Aim of the exercise ->
Nothing in the records should differ when you write them out again.

Material shown ->
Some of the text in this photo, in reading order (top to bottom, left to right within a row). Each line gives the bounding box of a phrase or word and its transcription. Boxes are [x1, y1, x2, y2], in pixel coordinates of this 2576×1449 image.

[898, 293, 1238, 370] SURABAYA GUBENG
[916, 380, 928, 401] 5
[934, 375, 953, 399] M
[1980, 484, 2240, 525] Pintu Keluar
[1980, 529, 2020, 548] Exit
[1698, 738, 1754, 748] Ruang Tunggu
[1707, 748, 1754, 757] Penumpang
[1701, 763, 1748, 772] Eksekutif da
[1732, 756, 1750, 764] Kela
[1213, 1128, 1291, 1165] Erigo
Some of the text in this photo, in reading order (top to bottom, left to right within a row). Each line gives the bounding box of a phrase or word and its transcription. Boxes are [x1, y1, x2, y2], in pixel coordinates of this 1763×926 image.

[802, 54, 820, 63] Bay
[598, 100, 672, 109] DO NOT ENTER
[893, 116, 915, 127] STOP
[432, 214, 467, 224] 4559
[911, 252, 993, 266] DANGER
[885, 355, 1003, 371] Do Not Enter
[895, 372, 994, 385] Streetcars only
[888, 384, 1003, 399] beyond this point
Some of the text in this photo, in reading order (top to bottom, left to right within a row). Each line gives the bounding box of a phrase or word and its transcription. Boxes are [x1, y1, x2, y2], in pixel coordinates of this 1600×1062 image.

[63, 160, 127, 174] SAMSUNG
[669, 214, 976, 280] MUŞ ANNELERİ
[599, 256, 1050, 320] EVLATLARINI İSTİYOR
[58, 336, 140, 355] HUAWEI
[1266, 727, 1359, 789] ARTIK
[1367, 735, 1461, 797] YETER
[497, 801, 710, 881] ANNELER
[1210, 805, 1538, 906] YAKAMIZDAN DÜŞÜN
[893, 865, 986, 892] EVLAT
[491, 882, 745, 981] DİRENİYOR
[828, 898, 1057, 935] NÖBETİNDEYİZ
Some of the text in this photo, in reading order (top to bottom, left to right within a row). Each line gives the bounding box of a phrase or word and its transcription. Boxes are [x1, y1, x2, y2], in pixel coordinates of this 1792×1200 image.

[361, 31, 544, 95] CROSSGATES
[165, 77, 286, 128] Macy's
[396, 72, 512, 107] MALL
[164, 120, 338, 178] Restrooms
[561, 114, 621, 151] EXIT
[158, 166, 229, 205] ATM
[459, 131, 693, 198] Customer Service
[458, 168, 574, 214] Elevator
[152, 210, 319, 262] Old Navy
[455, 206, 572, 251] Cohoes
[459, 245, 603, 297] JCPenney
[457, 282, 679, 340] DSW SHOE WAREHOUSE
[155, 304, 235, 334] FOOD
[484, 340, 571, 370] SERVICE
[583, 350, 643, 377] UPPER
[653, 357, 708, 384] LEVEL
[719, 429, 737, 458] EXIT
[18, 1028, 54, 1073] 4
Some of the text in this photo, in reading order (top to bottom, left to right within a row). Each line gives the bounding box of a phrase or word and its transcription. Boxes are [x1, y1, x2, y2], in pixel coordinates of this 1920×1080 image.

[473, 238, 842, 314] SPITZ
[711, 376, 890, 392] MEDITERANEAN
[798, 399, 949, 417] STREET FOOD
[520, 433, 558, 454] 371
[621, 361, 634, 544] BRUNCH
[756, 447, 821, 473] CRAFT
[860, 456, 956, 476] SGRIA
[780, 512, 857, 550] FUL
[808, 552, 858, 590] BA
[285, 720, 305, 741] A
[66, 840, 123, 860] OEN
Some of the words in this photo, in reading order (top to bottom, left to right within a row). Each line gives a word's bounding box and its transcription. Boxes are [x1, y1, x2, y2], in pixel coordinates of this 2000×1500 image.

Worked solution ->
Some of the text in this photo, in reading order (top to bottom, left to right within a row). Each line gives the bounding box of a phrase or word and its transcription. Boxes are [x1, y1, x2, y2], in pixel coordinates of this 2576×1449 image.

[898, 293, 1238, 370] SURABAYA GUBENG
[916, 380, 928, 401] 5
[934, 375, 953, 399] M
[1980, 484, 2240, 525] Pintu Keluar
[1980, 529, 2020, 548] Exit
[1698, 738, 1754, 748] Ruang Tunggu
[1707, 748, 1754, 757] Penumpang
[1701, 763, 1748, 772] Eksekutif da
[1732, 756, 1750, 764] Kela
[1213, 1128, 1291, 1165] Erigo
Some of the text in this photo, in reading order (top to bottom, left to right within a row). Each line gives the bounding box of a phrase or word and its transcription. Boxes are [x1, y1, x2, y2], in pixel coordinates of this 1763×926 image.

[802, 54, 820, 63] Bay
[598, 100, 672, 109] DO NOT ENTER
[893, 116, 915, 127] STOP
[432, 214, 467, 224] 4559
[911, 252, 993, 266] DANGER
[885, 355, 1003, 371] Do Not Enter
[895, 372, 994, 385] Streetcars only
[888, 384, 1003, 399] beyond this point
Some of the text in this photo, in reading order (top to bottom, left to right within a row). Each line gives the bounding box of a phrase or word and its transcription. Boxes are [x1, y1, x2, y2], in pixel coordinates of this 1600×1062 image.

[63, 160, 127, 174] SAMSUNG
[669, 214, 976, 280] MUŞ ANNELERİ
[599, 256, 1050, 320] EVLATLARINI İSTİYOR
[58, 336, 140, 355] HUAWEI
[1266, 727, 1359, 789] ARTIK
[1367, 735, 1461, 797] YETER
[497, 801, 710, 881] ANNELER
[1210, 805, 1538, 906] YAKAMIZDAN DÜŞÜN
[893, 865, 986, 892] EVLAT
[491, 882, 745, 981] DİRENİYOR
[828, 898, 1057, 935] NÖBETİNDEYİZ
Some of the text in this photo, in reading order (top to bottom, left to right within a row). Each line gives the bounding box of a phrase or word and its transcription. Boxes are [x1, y1, x2, y2], in pixel coordinates of this 1792×1200 image.

[361, 31, 544, 95] CROSSGATES
[165, 77, 286, 128] Macy's
[396, 72, 512, 107] MALL
[164, 120, 338, 178] Restrooms
[561, 114, 621, 151] EXIT
[158, 166, 229, 205] ATM
[459, 131, 693, 198] Customer Service
[458, 168, 574, 214] Elevator
[152, 210, 319, 262] Old Navy
[455, 206, 572, 251] Cohoes
[459, 245, 603, 297] JCPenney
[457, 282, 679, 340] DSW SHOE WAREHOUSE
[155, 304, 235, 334] FOOD
[484, 340, 571, 370] SERVICE
[583, 350, 643, 377] UPPER
[653, 357, 708, 384] LEVEL
[719, 429, 737, 458] EXIT
[18, 1028, 54, 1073] 4
Some of the text in this photo, in reading order (top to bottom, left to right within a row). Each line gives the bounding box of a phrase or word and its transcription. Boxes are [x1, y1, x2, y2], in pixel coordinates of this 1920×1080 image.

[473, 238, 842, 314] SPITZ
[711, 376, 890, 392] MEDITERANEAN
[798, 399, 949, 417] STREET FOOD
[520, 433, 558, 454] 371
[621, 361, 634, 544] BRUNCH
[756, 447, 821, 473] CRAFT
[860, 456, 956, 476] SGRIA
[780, 512, 857, 550] FUL
[808, 552, 858, 590] BA
[285, 720, 305, 741] A
[66, 840, 123, 860] OEN
Some of the words in this photo, in reading order (top to bottom, left to right within a row). Each line gives a word's bounding box and its transcription. Boxes are [x1, y1, x2, y2], in pixel coordinates of this 2000×1500 image.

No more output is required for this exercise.